Phrase grounding data:
┌──

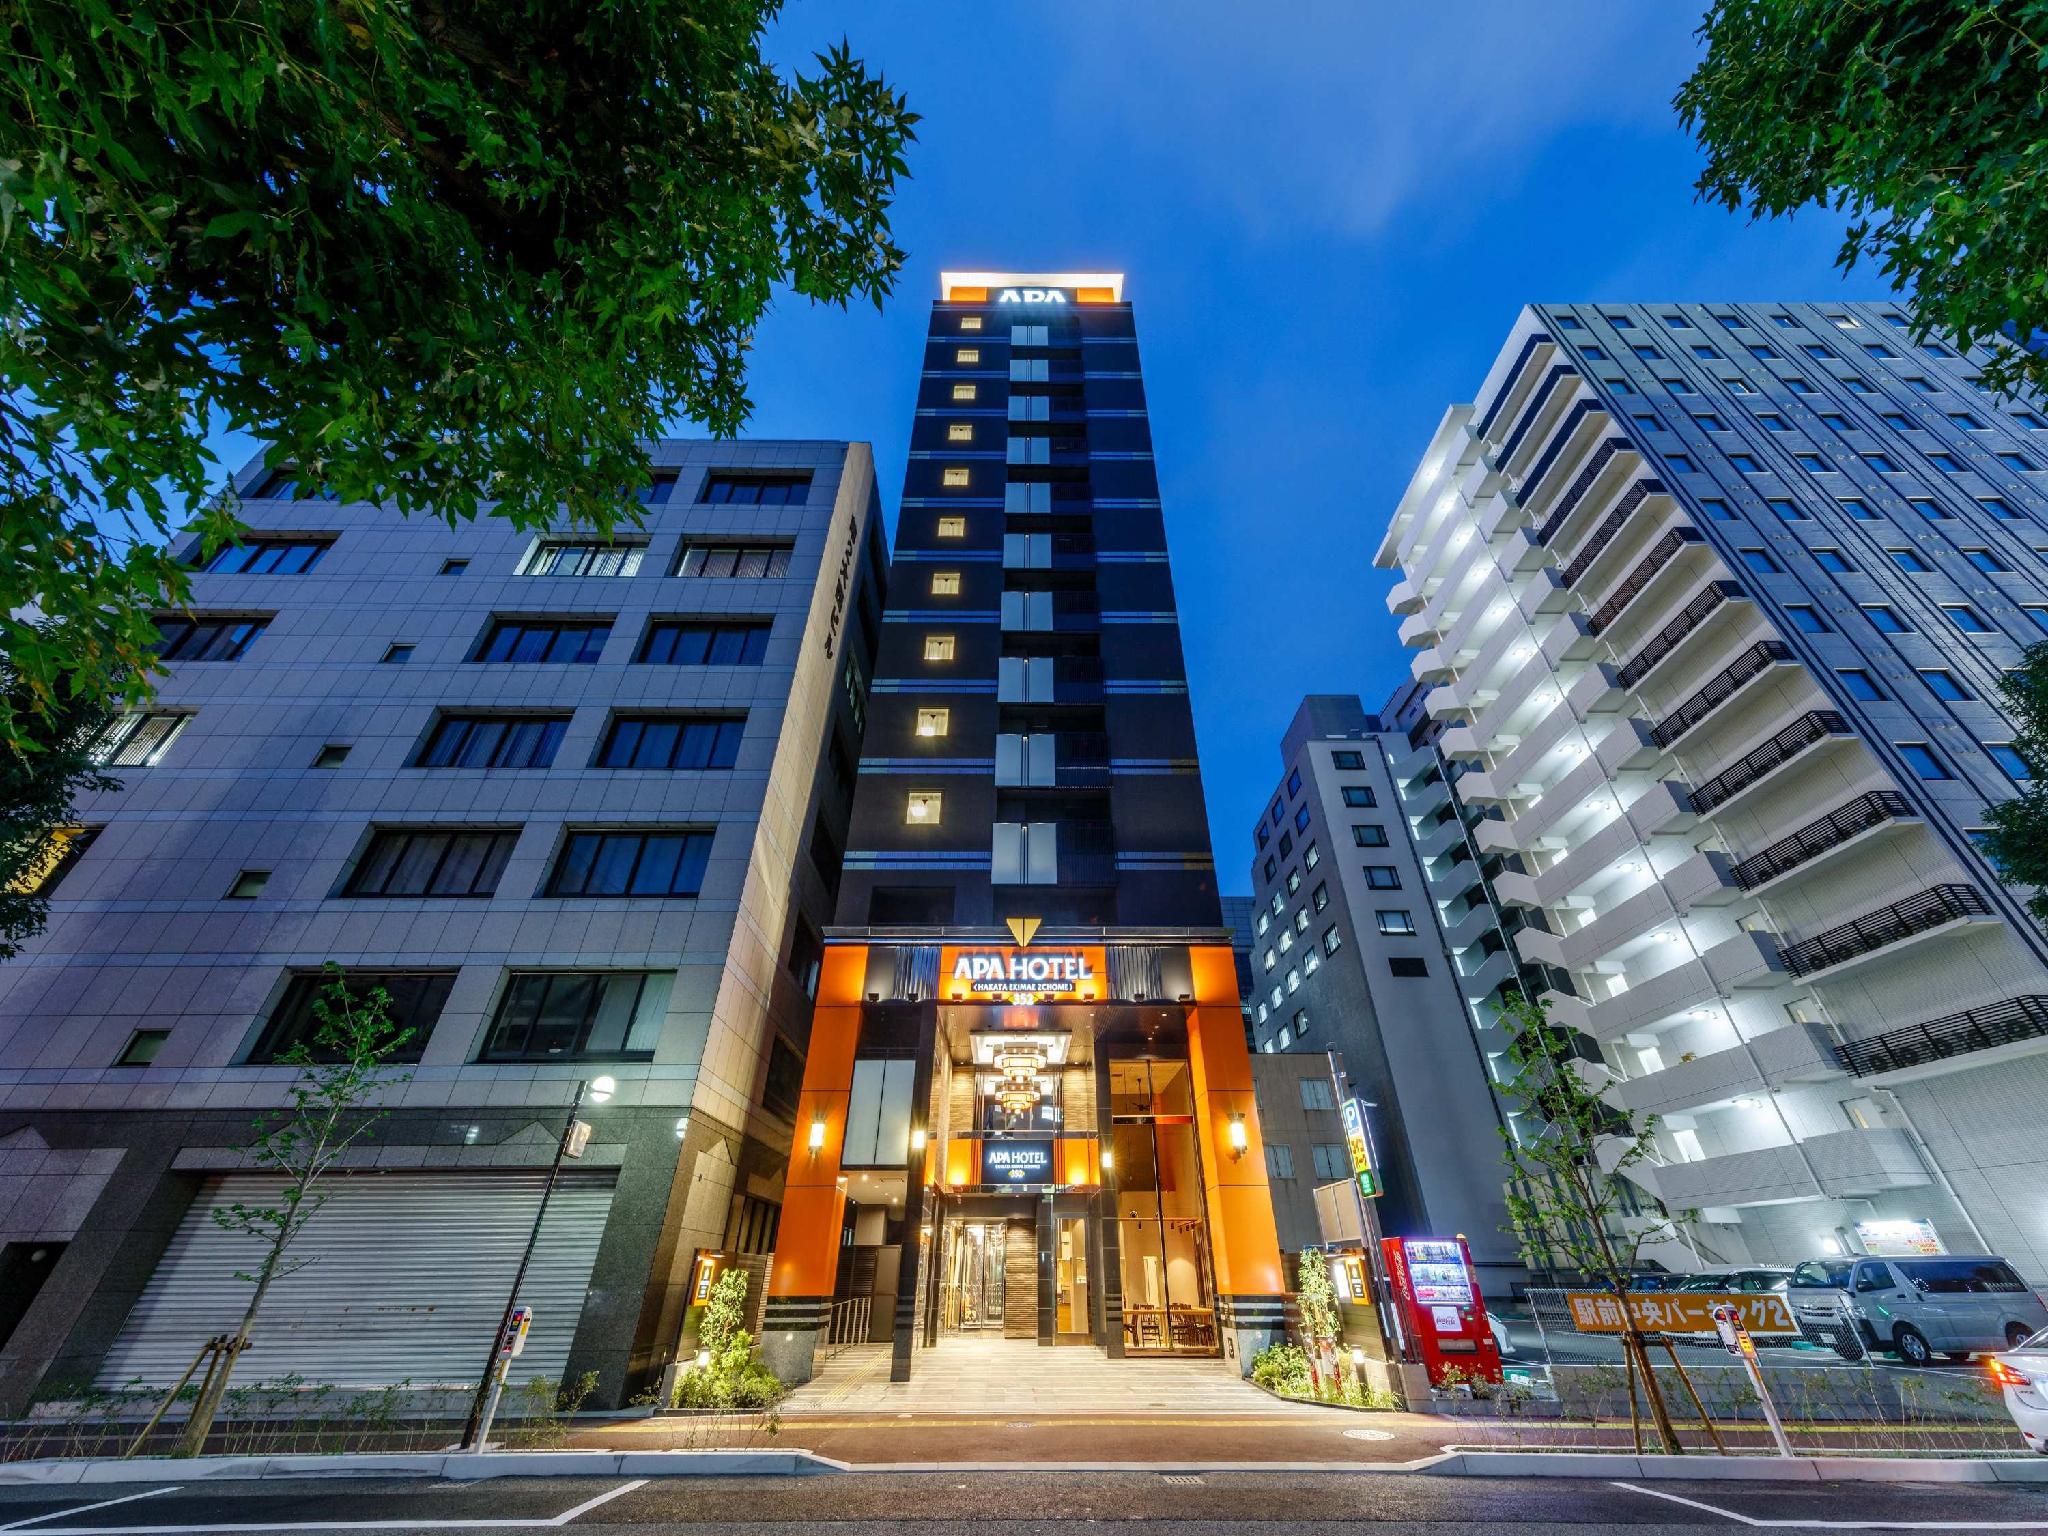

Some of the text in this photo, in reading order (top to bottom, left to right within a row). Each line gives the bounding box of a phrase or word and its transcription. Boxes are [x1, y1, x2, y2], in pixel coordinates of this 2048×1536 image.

[999, 290, 1066, 303] APA
[954, 957, 1093, 980] APA HOTEL
[1009, 983, 1036, 991] EKIMAE
[1345, 1106, 1356, 1129] P
[989, 1151, 1047, 1164] APA HOTEL

└──

(Work to be completed): Apart from the pictures, which are to be omitted, every record must be transcribed exactly.

(Response area):
Some of the text in this photo, in reading order (top to bottom, left to right within a row). Each line gives the bounding box of a phrase or word and its transcription. Boxes are [x1, y1, x2, y2], in pixel coordinates of this 2048×1536 image.

[999, 290, 1066, 303] APA
[954, 957, 1093, 980] APA HOTEL
[1009, 983, 1036, 991] EKIMAE
[1345, 1106, 1356, 1129] P
[989, 1151, 1047, 1164] APA HOTEL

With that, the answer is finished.